Output all entries verbatim. Skip pictures.
** Excerpted data follows **
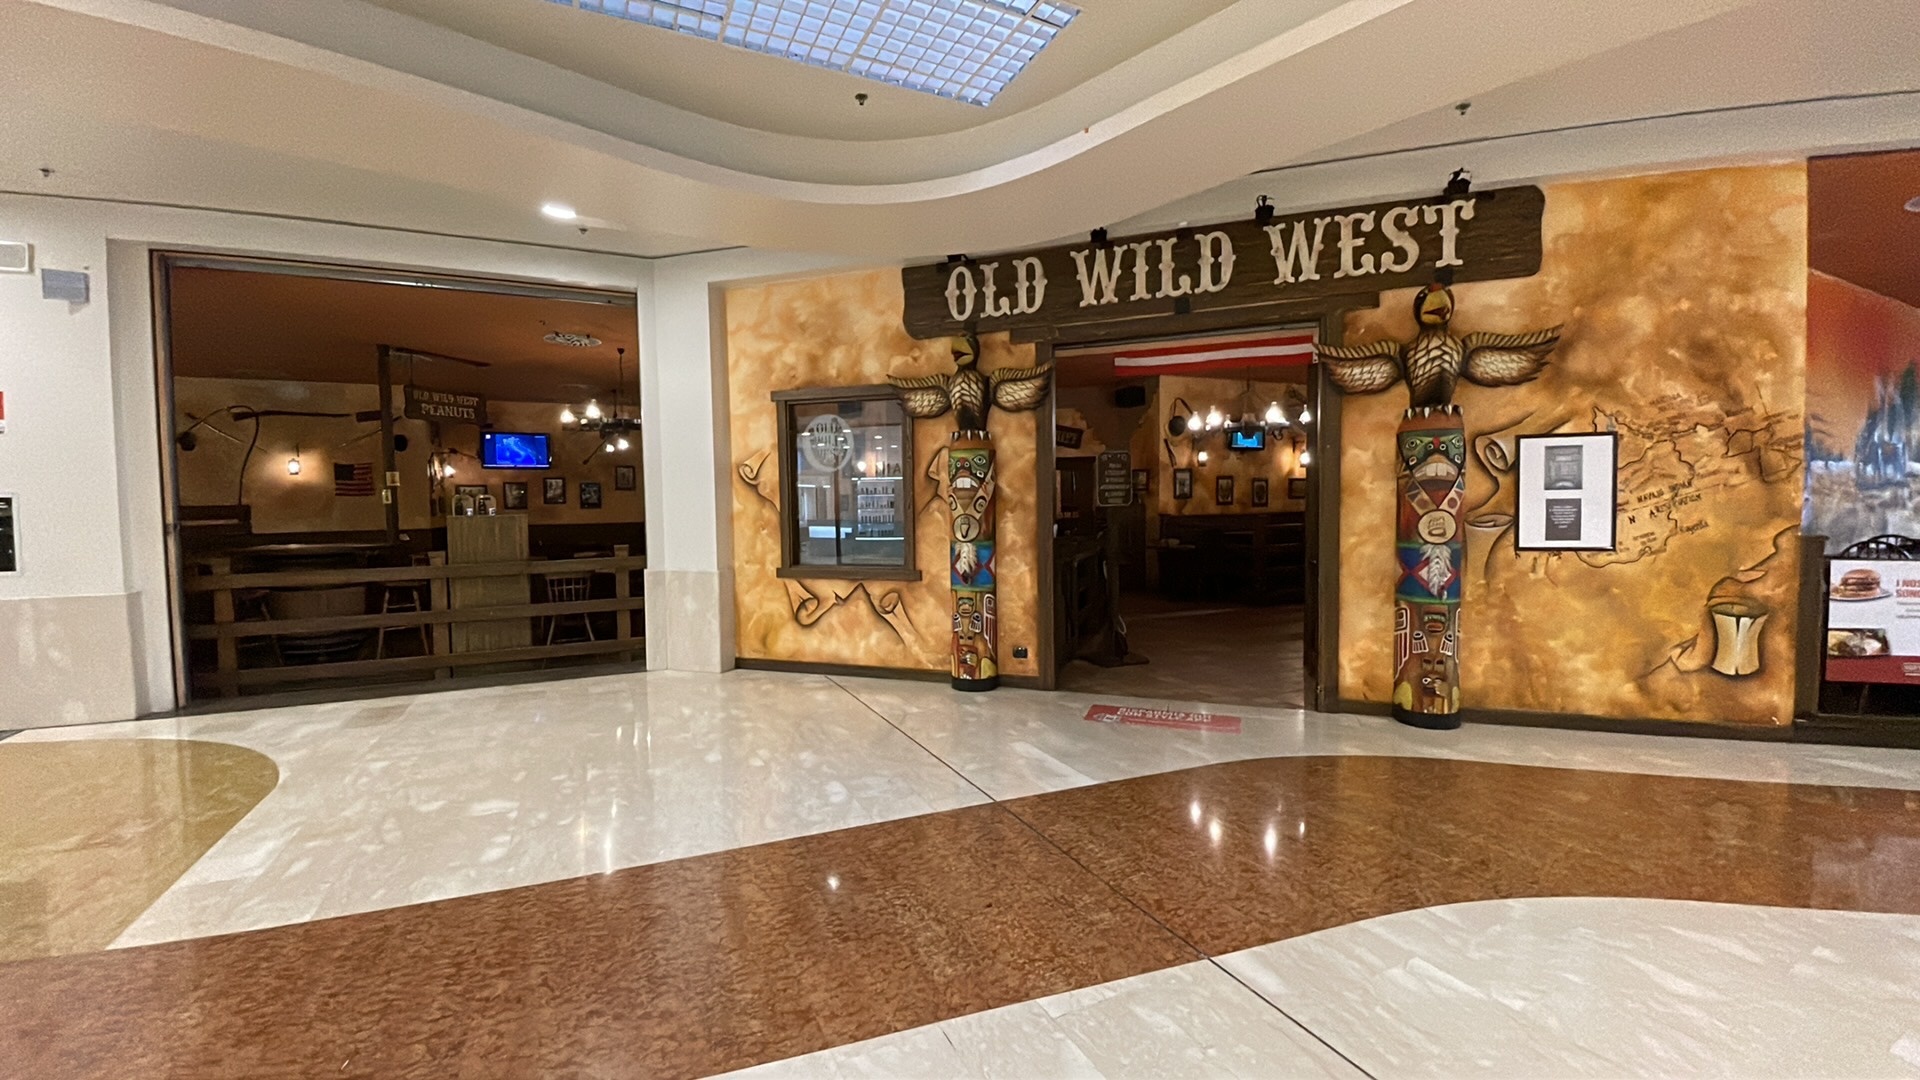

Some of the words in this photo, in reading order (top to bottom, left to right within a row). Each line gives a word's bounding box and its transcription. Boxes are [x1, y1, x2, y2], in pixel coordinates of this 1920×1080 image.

[945, 256, 1048, 322] OLD
[1070, 231, 1236, 308] WILD
[1263, 198, 1476, 285] WEST
[432, 392, 454, 403] WILD
[456, 395, 479, 406] WEST
[421, 403, 475, 419] PEANUTS
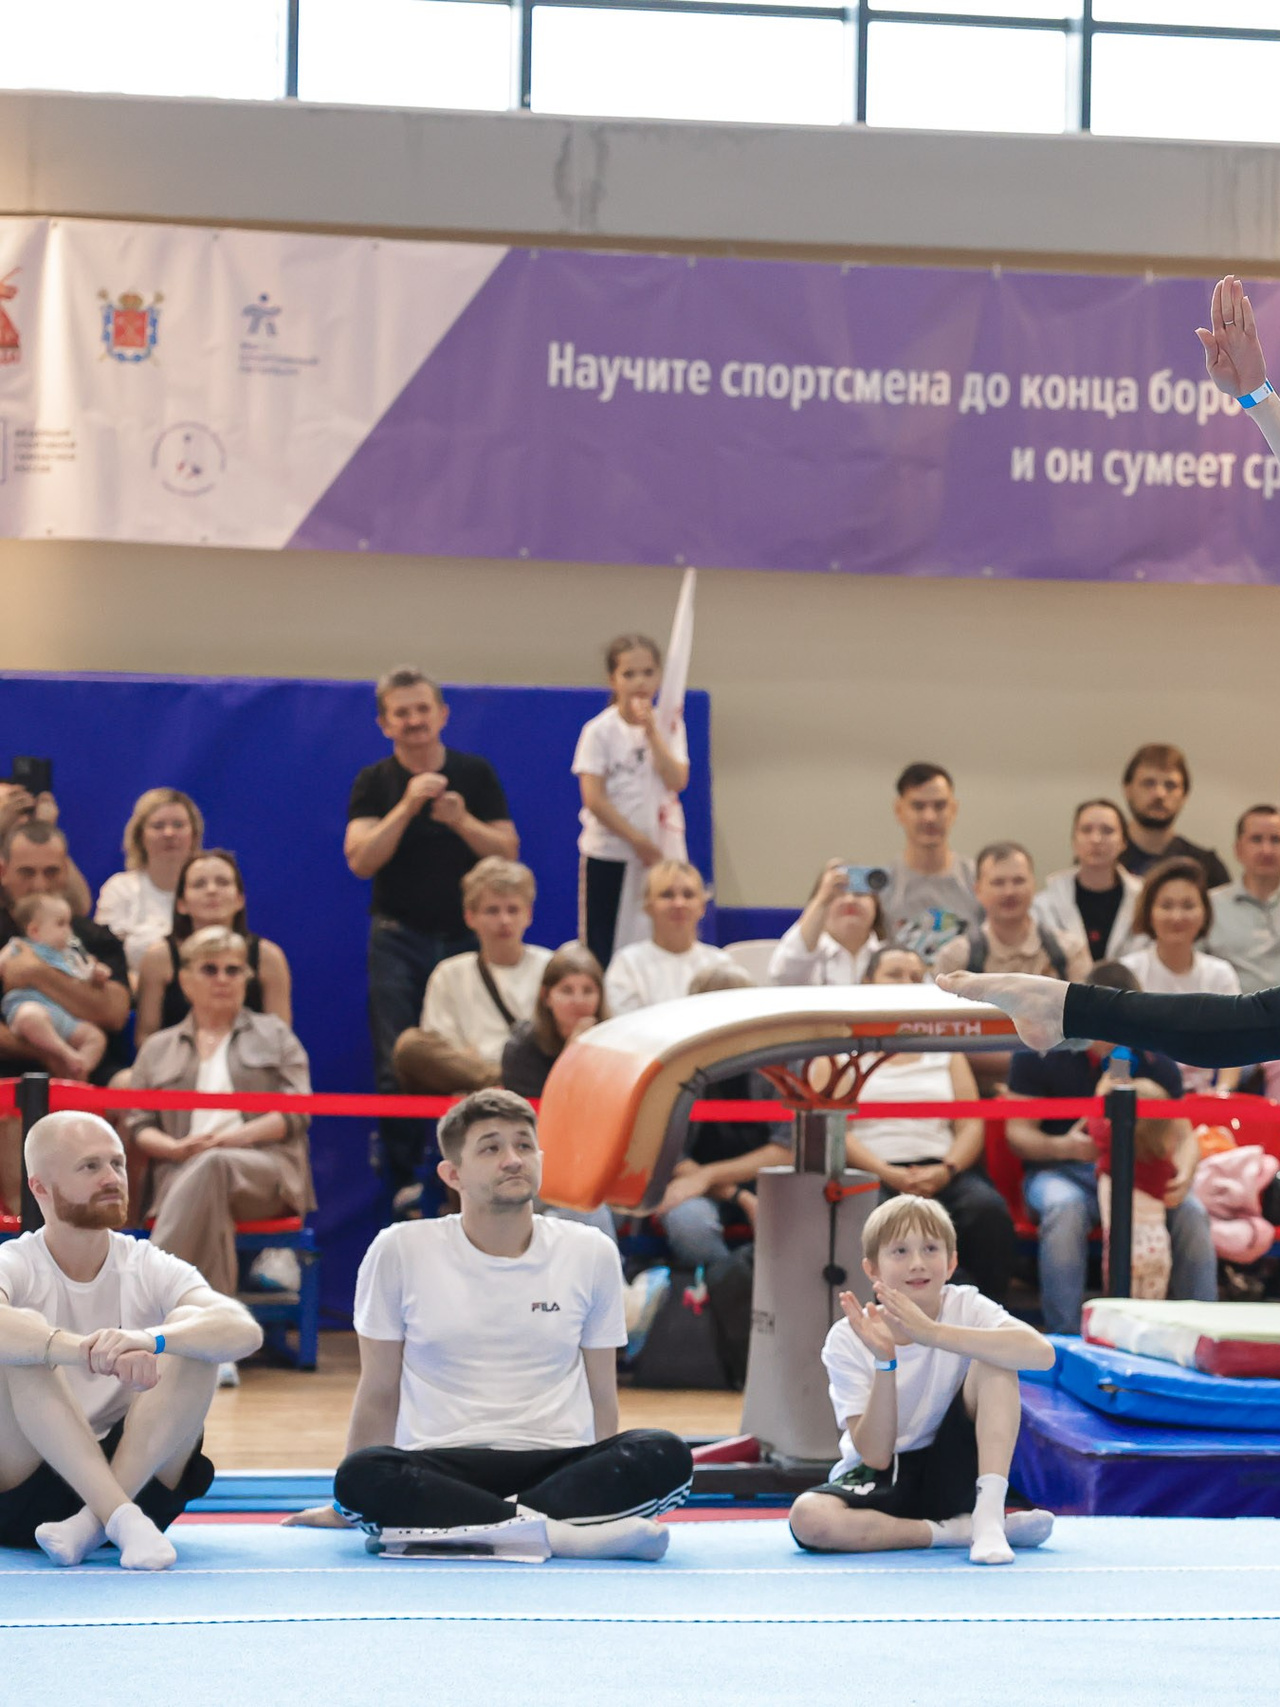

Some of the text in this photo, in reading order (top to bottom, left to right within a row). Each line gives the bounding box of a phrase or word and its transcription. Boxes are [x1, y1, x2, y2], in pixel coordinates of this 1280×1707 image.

[548, 341, 711, 402] Научите
[720, 361, 952, 411] спортсмена
[959, 370, 1010, 414] до
[1019, 374, 1138, 419] конца
[1010, 447, 1036, 482] и
[1044, 447, 1094, 484] он
[1102, 449, 1237, 497] сумеет
[531, 1301, 561, 1312] FILA
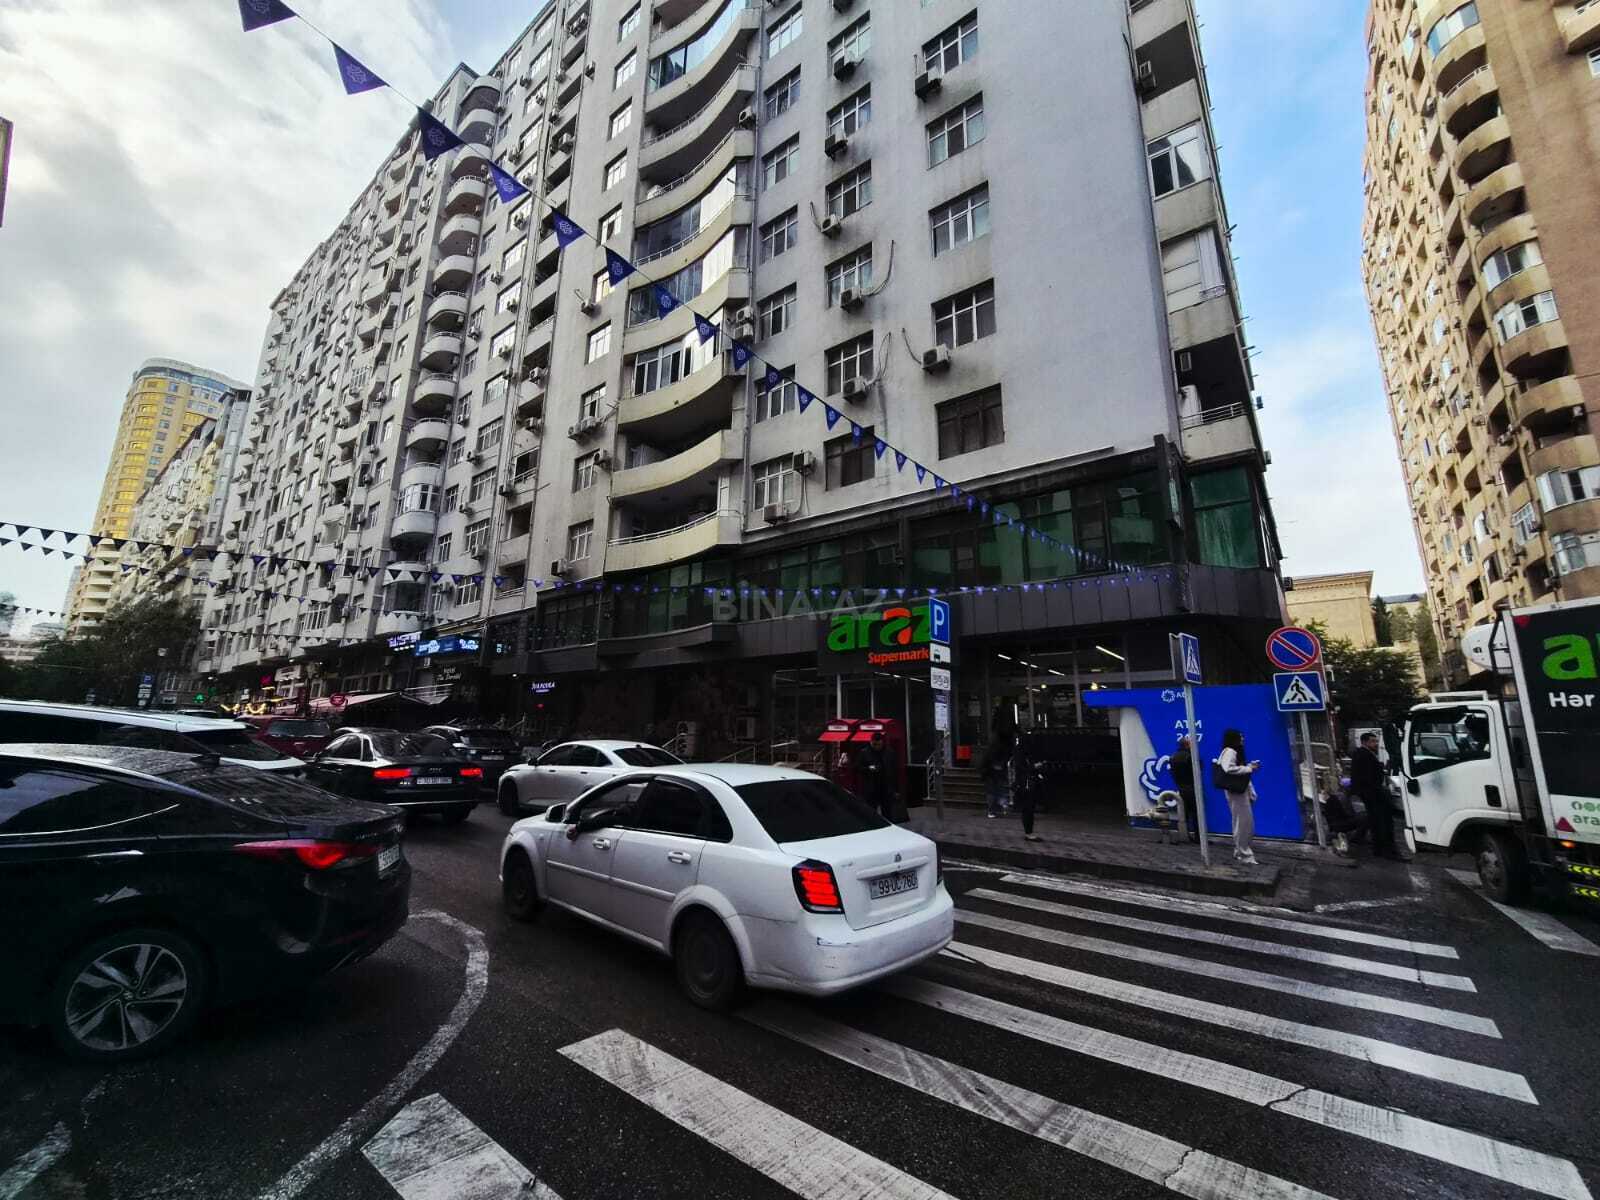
** End of Excerpted data **
Exercise answer:
Some of the words in this photo, in reading order (top to bottom, left to right within a row). Each line gives a word's bounding box and its transcription. Boxes are [x1, y1, x2, y2], in pixel coordinates of this 1920×1080 image.

[945, 256, 1048, 322] OLD
[1070, 231, 1236, 308] WILD
[1263, 198, 1476, 285] WEST
[432, 392, 454, 403] WILD
[456, 395, 479, 406] WEST
[421, 403, 475, 419] PEANUTS

Some of the text in this photo, in reading order (top to bottom, left to right within a row). Each line gives the bounding box of a phrase or word and its transcription. Boxes are [x1, y1, x2, y2], in pixel coordinates of this 1280×1707 image.

[548, 341, 711, 402] Научите
[720, 361, 952, 411] спортсмена
[959, 370, 1010, 414] до
[1019, 374, 1138, 419] конца
[1010, 447, 1036, 482] и
[1044, 447, 1094, 484] он
[1102, 449, 1237, 497] сумеет
[531, 1301, 561, 1312] FILA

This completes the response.